**AIM OF THE TASK**. Return every record below exactly as given, images excluded.

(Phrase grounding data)
***

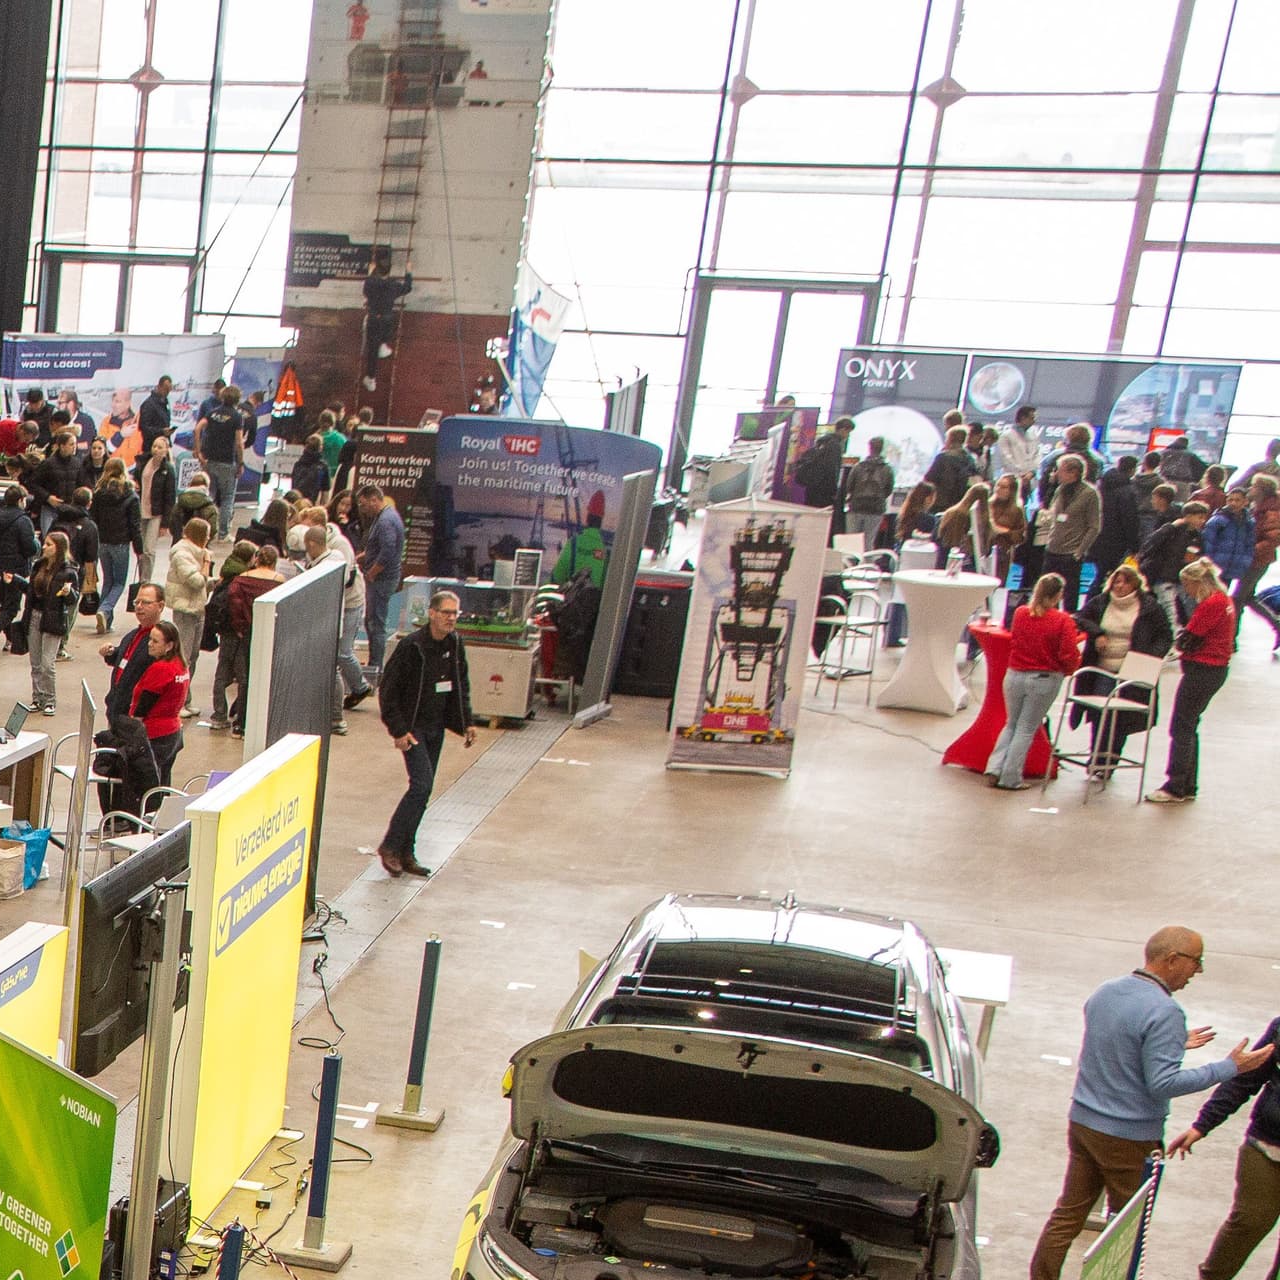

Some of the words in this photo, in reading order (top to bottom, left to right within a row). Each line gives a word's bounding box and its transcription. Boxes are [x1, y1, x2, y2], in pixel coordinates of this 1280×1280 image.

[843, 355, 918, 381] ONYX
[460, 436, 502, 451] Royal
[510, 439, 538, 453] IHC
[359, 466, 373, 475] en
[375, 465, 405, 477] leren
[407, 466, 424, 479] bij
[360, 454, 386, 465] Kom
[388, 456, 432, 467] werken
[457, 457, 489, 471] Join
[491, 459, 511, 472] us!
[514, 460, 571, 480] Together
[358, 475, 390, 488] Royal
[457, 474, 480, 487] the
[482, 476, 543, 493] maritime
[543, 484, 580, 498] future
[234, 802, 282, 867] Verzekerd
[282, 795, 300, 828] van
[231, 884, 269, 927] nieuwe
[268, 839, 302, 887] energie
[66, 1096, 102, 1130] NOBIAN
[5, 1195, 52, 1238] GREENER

***

**RESPONSE BELOW**.
Some of the words in this photo, in reading order (top to bottom, left to right within a row). Each line gives a word's bounding box and its transcription. Boxes are [x1, y1, x2, y2], in pixel coordinates of this 1280×1280 image.

[843, 355, 918, 381] ONYX
[460, 436, 502, 451] Royal
[510, 439, 538, 453] IHC
[359, 466, 373, 475] en
[375, 465, 405, 477] leren
[407, 466, 424, 479] bij
[360, 454, 386, 465] Kom
[388, 456, 432, 467] werken
[457, 457, 489, 471] Join
[491, 459, 511, 472] us!
[514, 460, 571, 480] Together
[358, 475, 390, 488] Royal
[457, 474, 480, 487] the
[482, 476, 543, 493] maritime
[543, 484, 580, 498] future
[234, 802, 282, 867] Verzekerd
[282, 795, 300, 828] van
[231, 884, 269, 927] nieuwe
[268, 839, 302, 887] energie
[66, 1096, 102, 1130] NOBIAN
[5, 1195, 52, 1238] GREENER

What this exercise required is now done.